▶ Prompt: What you return should be the full listing, copied exactly and stripped of its pictures.

▶ Dataset excerpts:
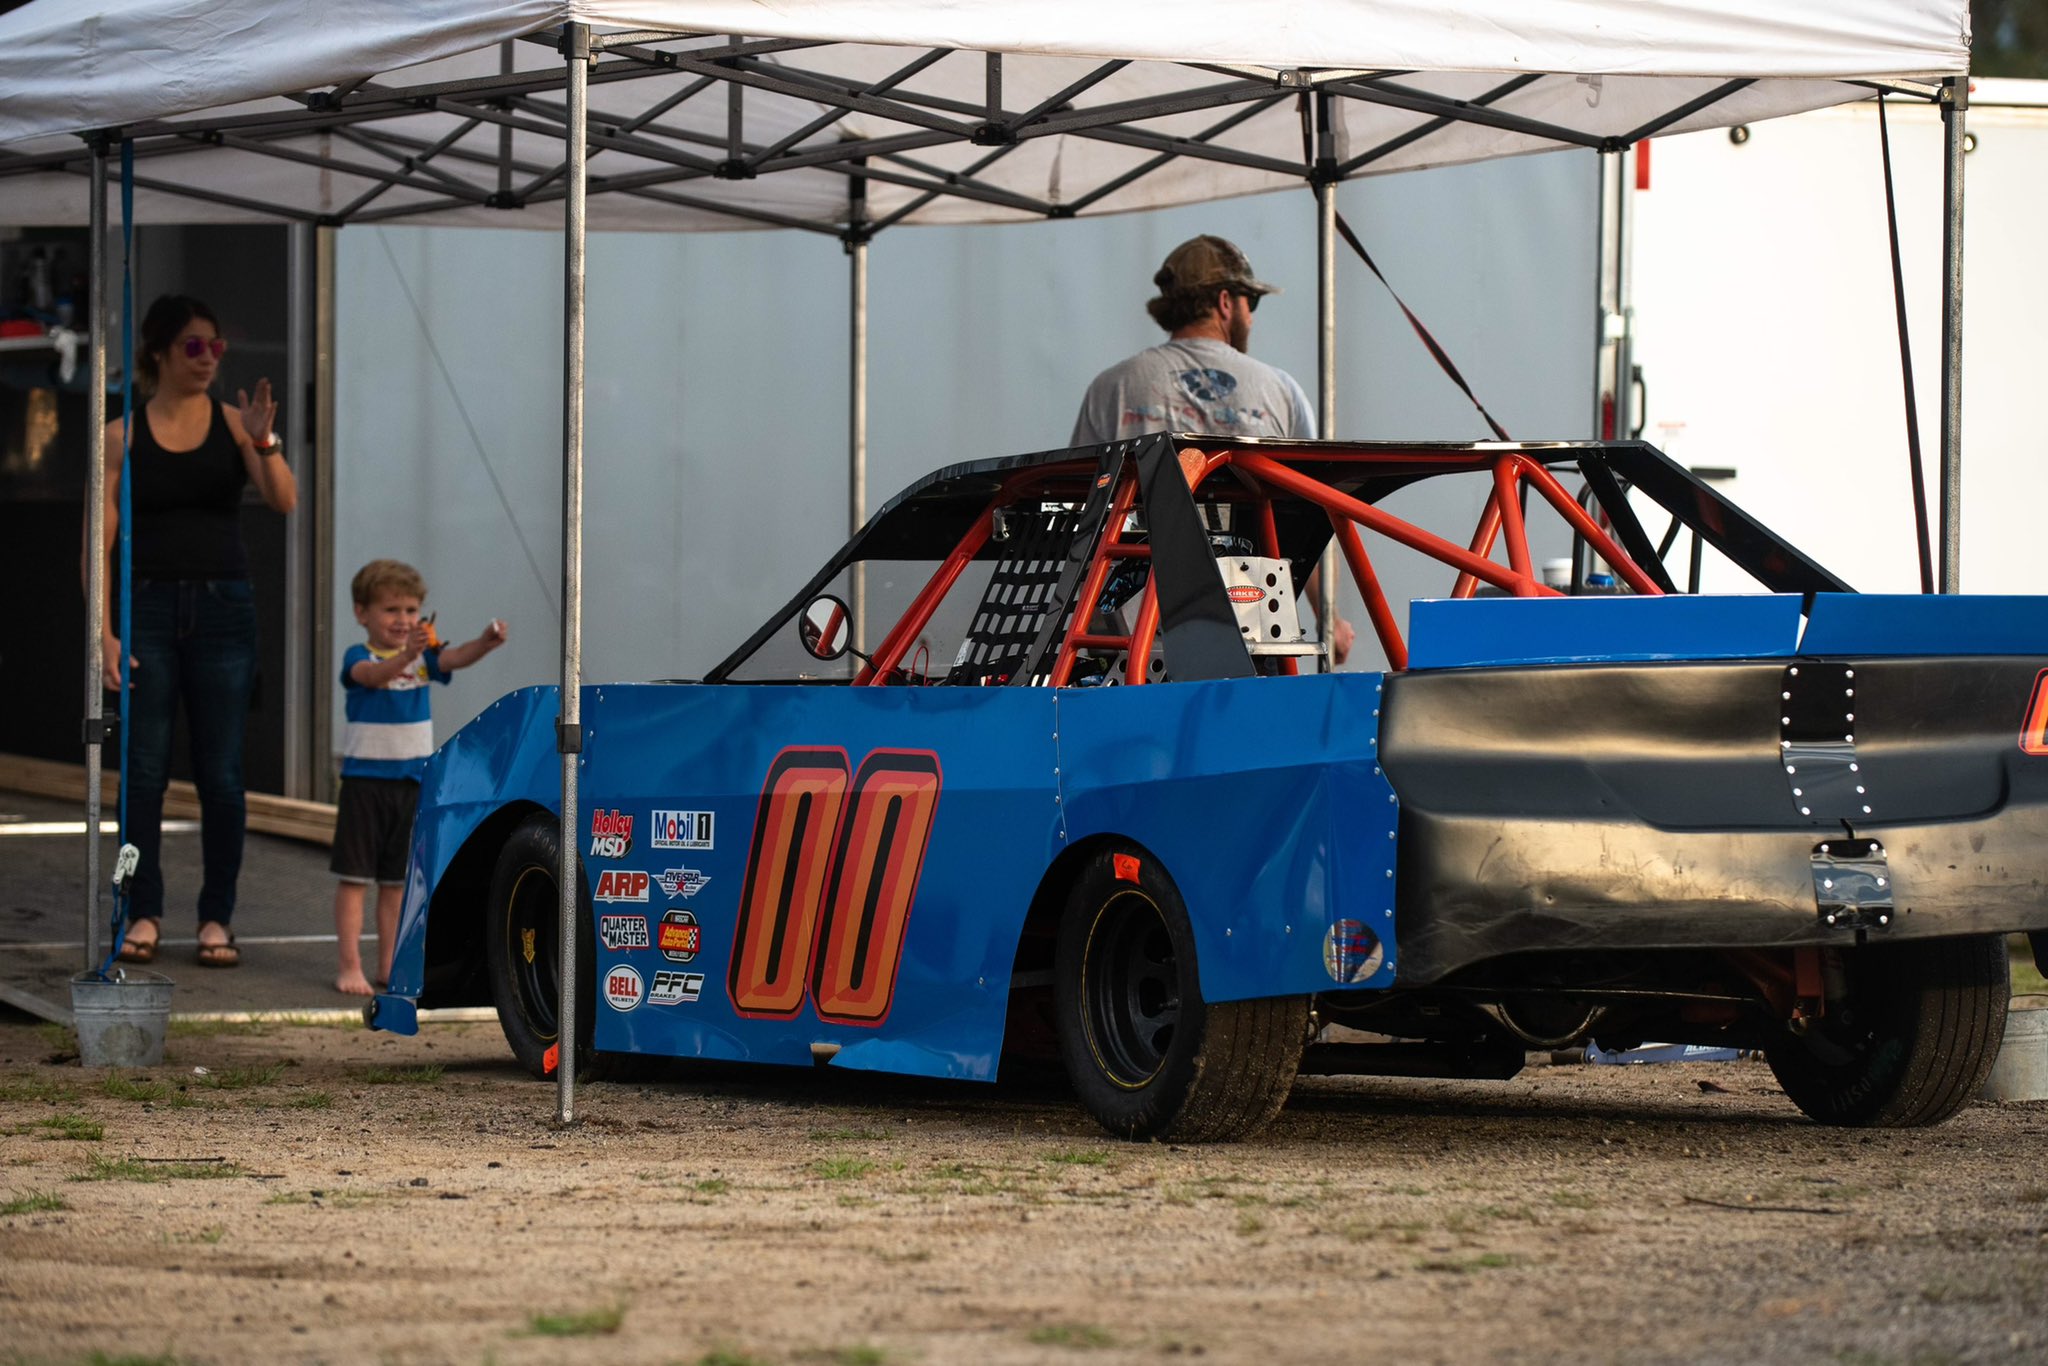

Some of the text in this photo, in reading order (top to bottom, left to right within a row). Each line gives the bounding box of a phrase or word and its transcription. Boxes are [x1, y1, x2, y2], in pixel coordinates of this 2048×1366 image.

[591, 809, 634, 841] Holley
[654, 812, 694, 841] Mobil
[590, 836, 627, 857] MSD
[597, 872, 649, 897] ARP
[725, 745, 943, 1028] 00
[601, 917, 646, 937] QUARTER
[608, 931, 648, 947] MASTER
[609, 976, 637, 997] BELL
[652, 972, 703, 994] PFC
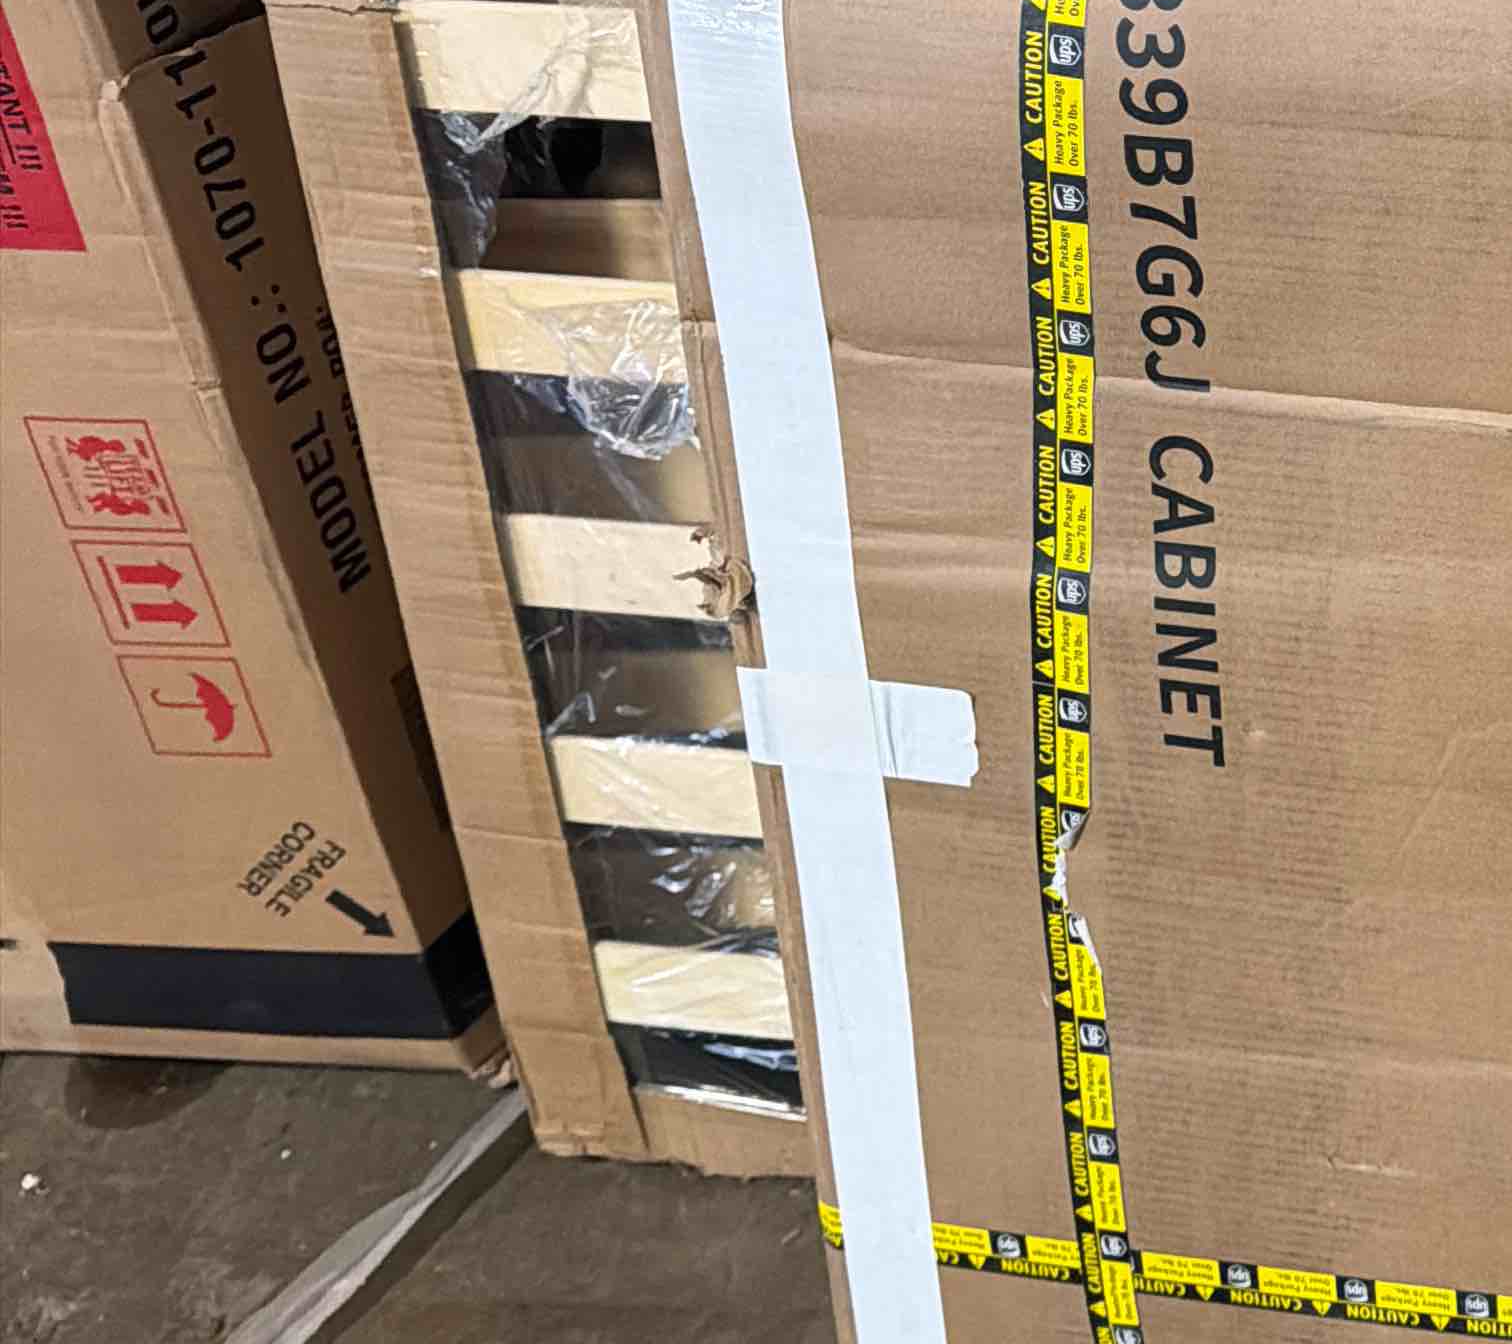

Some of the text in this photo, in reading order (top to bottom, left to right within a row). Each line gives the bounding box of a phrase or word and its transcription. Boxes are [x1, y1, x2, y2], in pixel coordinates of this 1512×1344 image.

[1023, 30, 1044, 124] CAUTION
[1054, 130, 1068, 165] Heavy
[1029, 181, 1050, 265] CAUTION
[1060, 271, 1072, 303] Heavy
[1035, 316, 1056, 396] CAUTION
[286, 409, 371, 594] MODEL
[1038, 445, 1055, 524] CAUTION
[1033, 572, 1053, 649] CAUTION
[1148, 433, 1226, 766] CABINET
[1036, 693, 1054, 766] CAUTION
[235, 822, 315, 897] CORNER
[264, 840, 346, 917] FRAGILE
[1048, 913, 1069, 982] CAUTION
[1060, 1022, 1080, 1090] CAUTION
[1069, 1132, 1089, 1196] CAUTION
[1081, 1232, 1101, 1294] CAUTION
[1135, 1278, 1186, 1296] CAUTI
[1230, 1290, 1303, 1312] CAUTION
[1346, 1303, 1420, 1326] CAUTION
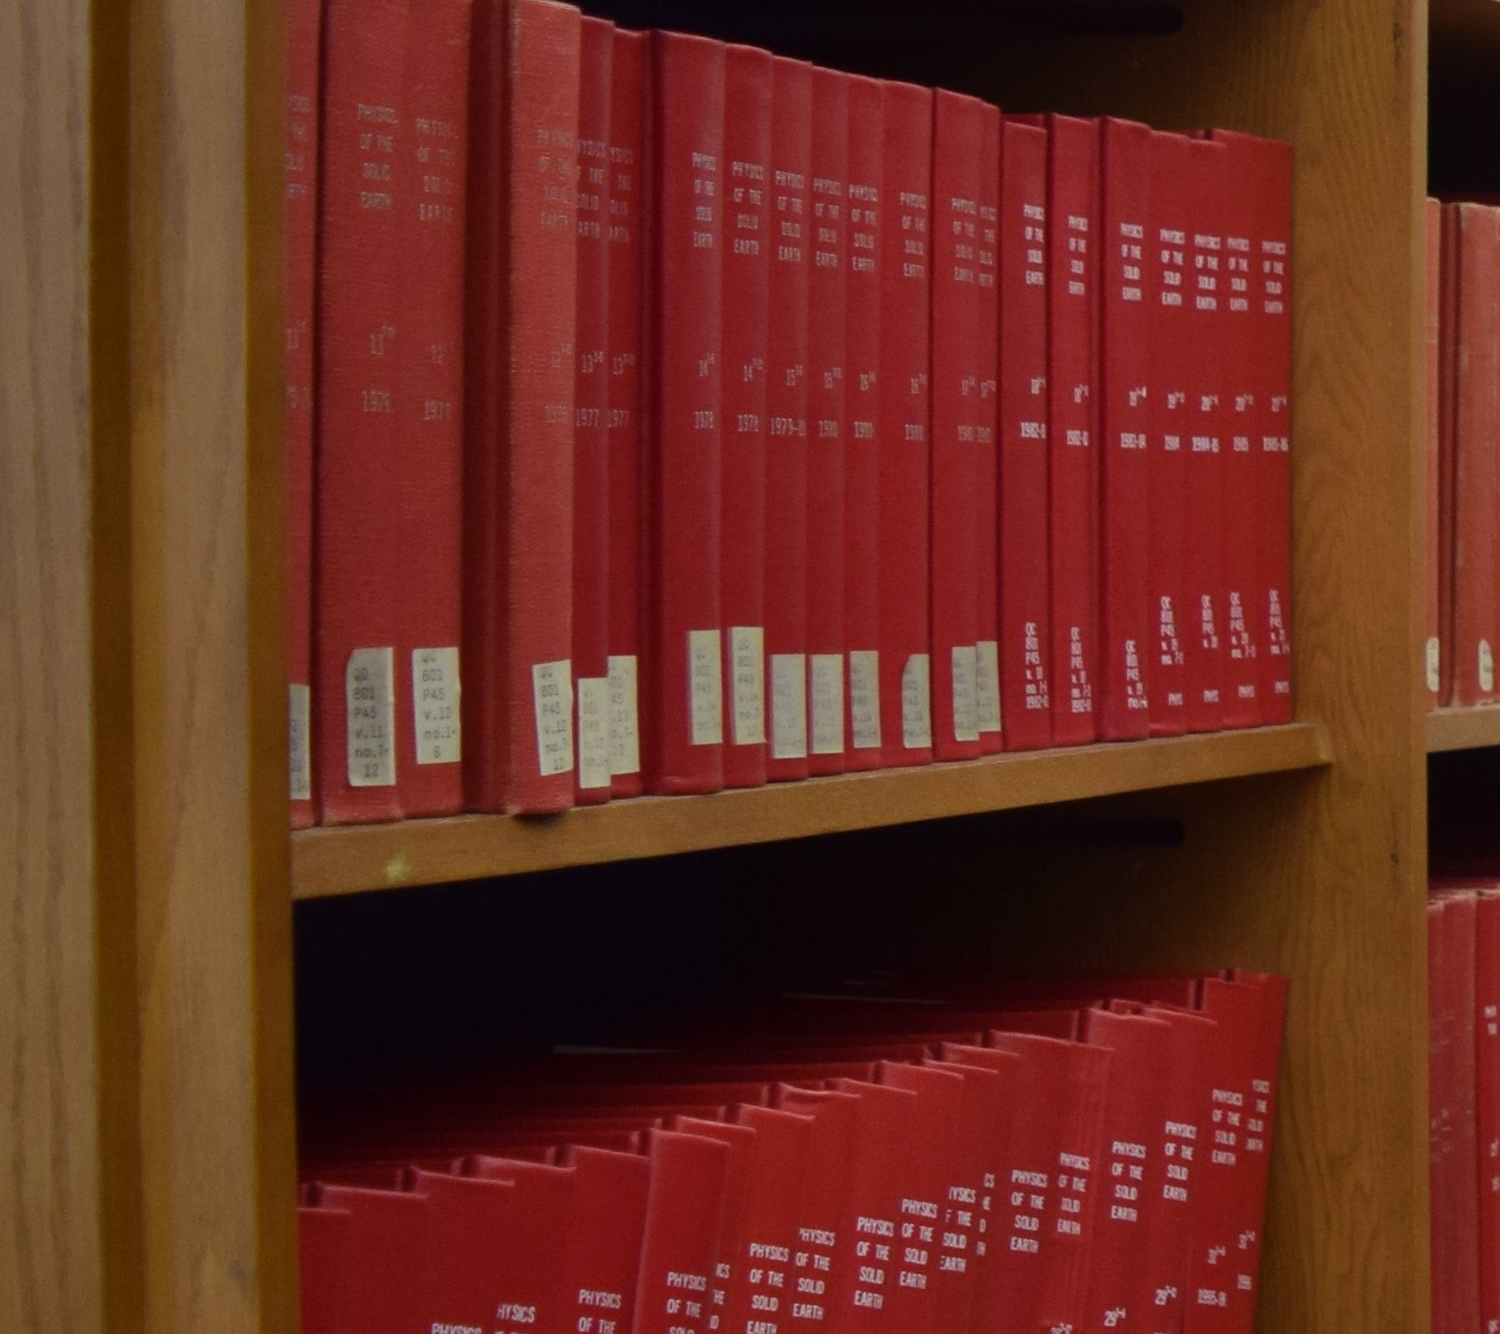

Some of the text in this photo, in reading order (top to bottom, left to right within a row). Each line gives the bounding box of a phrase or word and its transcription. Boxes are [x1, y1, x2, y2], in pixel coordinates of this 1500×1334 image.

[857, 1217, 894, 1237] PHYSICS
[750, 1243, 789, 1261] PHYSICS
[857, 1241, 890, 1261] OF THE
[667, 1271, 707, 1291] PHYSICS
[750, 1269, 784, 1288] OF THE
[579, 1289, 622, 1309] PHYSICS
[667, 1298, 701, 1318] OF THE
[752, 1295, 778, 1312] SOLID
[854, 1290, 883, 1309] EARTH
[578, 1316, 593, 1333] OF

▶ The answer:
Some of the text in this photo, in reading order (top to bottom, left to right within a row). Each line gives the bounding box of a phrase or word and its transcription. Boxes are [x1, y1, x2, y2], in pixel coordinates of this 2048×1366 image.

[591, 809, 634, 841] Holley
[654, 812, 694, 841] Mobil
[590, 836, 627, 857] MSD
[597, 872, 649, 897] ARP
[725, 745, 943, 1028] 00
[601, 917, 646, 937] QUARTER
[608, 931, 648, 947] MASTER
[609, 976, 637, 997] BELL
[652, 972, 703, 994] PFC

Some of the text in this photo, in reading order (top to bottom, left to right within a row). Each line gives the bounding box of a phrase or word and its transcription. Boxes are [x1, y1, x2, y2], in pixel coordinates of this 1512×1344 image.

[1023, 30, 1044, 124] CAUTION
[1054, 130, 1068, 165] Heavy
[1029, 181, 1050, 265] CAUTION
[1060, 271, 1072, 303] Heavy
[1035, 316, 1056, 396] CAUTION
[286, 409, 371, 594] MODEL
[1038, 445, 1055, 524] CAUTION
[1033, 572, 1053, 649] CAUTION
[1148, 433, 1226, 766] CABINET
[1036, 693, 1054, 766] CAUTION
[235, 822, 315, 897] CORNER
[264, 840, 346, 917] FRAGILE
[1048, 913, 1069, 982] CAUTION
[1060, 1022, 1080, 1090] CAUTION
[1069, 1132, 1089, 1196] CAUTION
[1081, 1232, 1101, 1294] CAUTION
[1135, 1278, 1186, 1296] CAUTI
[1230, 1290, 1303, 1312] CAUTION
[1346, 1303, 1420, 1326] CAUTION

Some of the text in this photo, in reading order (top to bottom, left to right within a row). Each line gives the bounding box of a phrase or word and its transcription. Boxes are [x1, y1, x2, y2], in pixel coordinates of this 1500×1334 image.

[857, 1217, 894, 1237] PHYSICS
[750, 1243, 789, 1261] PHYSICS
[857, 1241, 890, 1261] OF THE
[667, 1271, 707, 1291] PHYSICS
[750, 1269, 784, 1288] OF THE
[579, 1289, 622, 1309] PHYSICS
[667, 1298, 701, 1318] OF THE
[752, 1295, 778, 1312] SOLID
[854, 1290, 883, 1309] EARTH
[578, 1316, 593, 1333] OF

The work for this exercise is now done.